本研修は、「日々の教育活動、学校の資源を一体的にマネジメントした健康教育推進のための方策」を学ぶことを目的の一つとしています。 これは、学習指導要領総則で示されている「保健に関する指導を、児童生徒の発達段階を考慮して、学校の教育活動全体を通して行う」ことを具体化し、関連各教科等の特質に応じて適切に実施するための知識と技能を身に付けていただくことをねらいとしています。

さて、今次の学習指導要領改訂のキーワードの一つに、「社会に開かれた教育課程」があります。 学校教育が社会の変化を柔軟に受け止めていくことの重要性を表す概念であり、中教審答申 1)では、①社会や世界の状況を視野に、よりよい学校教育を通じてよりよい社会を創るという目標をもち、教育課程を介して社会と共有すること、②これからの社会を創り出す子供たちに求められる資質・能力を教育課程において明確化し、育んでいくこと、③地域の人的・物的資源を活用するなど、学校教育を学校内に閉じず、目標を社会と共有・連携しながら実現させること、の三つが提言されています。

この「社会に開かれた教育課程」の実現は、健康課題を認識し、科学的に思考・判断して、適切に対処できる資質や能力を育むとともに、生涯にわたって積極的に健康を保持増進し、安全に生活することができるようにすることを目指す健康教育において、とりわけ重要な意味をもちます。 性や薬物等に関する情報の入手が容易になったり、肥満や生活習慣病、食物アレルギー等の健康課題を引き起こす食習慣の乱れが見られたりするなどの子供たちの現状や、二人に一人が一生のうちにがんに罹患したり、精神疾患の患者数が増加したりしている社会状況を踏まえ、「一次予防」として健康リスクを回避するためにはどのような資質・能力が必要なのか、「二次予防」「三次予防」のためにはどのような対処の仕方や社会の仕組みがあり、実生活の改善に向けてどう活用すべきかなどを手がかりとして、健康教育の学習内容(何を学ぶか)や学習方法(どのように学ぶか)には、社会の動向に対応した不断のアップデートが求められています。

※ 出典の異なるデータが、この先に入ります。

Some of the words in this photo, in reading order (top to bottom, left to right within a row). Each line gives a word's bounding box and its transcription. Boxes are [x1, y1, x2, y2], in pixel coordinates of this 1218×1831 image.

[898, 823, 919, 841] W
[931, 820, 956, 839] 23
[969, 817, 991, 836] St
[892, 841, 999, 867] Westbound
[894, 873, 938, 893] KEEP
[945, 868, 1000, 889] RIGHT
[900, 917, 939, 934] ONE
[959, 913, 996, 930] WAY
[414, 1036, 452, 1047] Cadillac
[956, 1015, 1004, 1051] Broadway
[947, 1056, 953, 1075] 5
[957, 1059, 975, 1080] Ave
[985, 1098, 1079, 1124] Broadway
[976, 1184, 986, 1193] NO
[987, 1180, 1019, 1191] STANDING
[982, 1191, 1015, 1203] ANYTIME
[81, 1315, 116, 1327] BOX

一方で、健康教育が伝統的に重要視してきた関係機関や専門職との連携・協働、例えば警察や学校薬剤師との連携による薬物乱用防止教室、学校医・学校歯科医との連携による各種健康教室、消防との連携による防災教室、養護教諭・栄養教諭や学校歯科医との連携による食育教室などは、現実の社会や多様な人々とのつながりを保ちながら学ぶという観点から「社会に開かれた教育課程」の先駆的な取組であると捉えることができます。 私たちは「社会に開かれた教育課程」のパイオニアたる自覚と自負のもとに、三つの提言の具体化に向けて今後一層の充実・改善を図っていく必要があります。

さらに、今次改訂のもう一つのキーワードである「カリキュラム・マネジメント」については、「各教科等の教育内容を相互の関係で捉え、教科等横断的な視点で組織的に配列していくこと」、「教育課程を編成し、実施し、評価して改善を図る一連のPDCAサイクルを確立すること」、「教育内容と人的・物的資源等を、地域等の外部資源を含めて効果的に組み合わせること」の三つの側面を包含する概念であることが示されています。 2)

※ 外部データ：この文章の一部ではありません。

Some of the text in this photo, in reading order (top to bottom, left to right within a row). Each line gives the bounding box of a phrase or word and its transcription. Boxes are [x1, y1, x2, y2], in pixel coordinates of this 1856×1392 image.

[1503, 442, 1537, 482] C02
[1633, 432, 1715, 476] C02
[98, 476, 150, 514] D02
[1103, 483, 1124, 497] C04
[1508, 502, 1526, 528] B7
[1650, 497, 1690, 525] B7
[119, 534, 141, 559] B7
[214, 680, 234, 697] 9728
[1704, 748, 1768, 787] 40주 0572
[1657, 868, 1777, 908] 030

本研修では、講義・演習1の① 保健教育の在り方部会において、健康課題には様々な視点からのアプローチが可能であるとの理解に基づき、「心の健康」、「医薬品・喫煙・飲酒・薬物乱用」、「現代的な疾病の予防」について、各教科等の目標、内容、見方・考え方に照らして有効な学習過程、指導方法を検討し、班別演習で授業プランを組み立て、互いに発表することを通して成果と課題の共有を図りました。 検討の過程で浮かび上がった課題意識の一つに、「「特別の教科 道徳」における健康教育の可能性」がありました。

私自身、四つの視点に分類された「節度、節制」、「生命の尊さ」、「感動、畏敬の念」、「よりよく生きる喜び」などの内容項目には、健康教育のニューフロンティアとして、現代的な健康課題を考える上での学習過程の多様性、課題解決に寄与する潜在力を強く感じています。 今後、「NITSニュース」を御覧の皆さんから実践事例、成果と課題等をお寄せいただければ幸甚に存じます。

工夫され、子供の心を揺さぶる優れた健康教育は、生涯にわたって健康を保持増進するために必要な資質・能力の三つの柱をバランスよく育て、QOLの向上や健康寿命の延伸となって結実し、よりよい社会を創ることに貢献します。 健康教育でこそ目指したい「社会に開かれた教育課程」と「カリキュラム・マネジメント」の実現に向けて、本研修が皆さんの今後の御活躍の一助となることを心から祈念して、拙稿を結びます。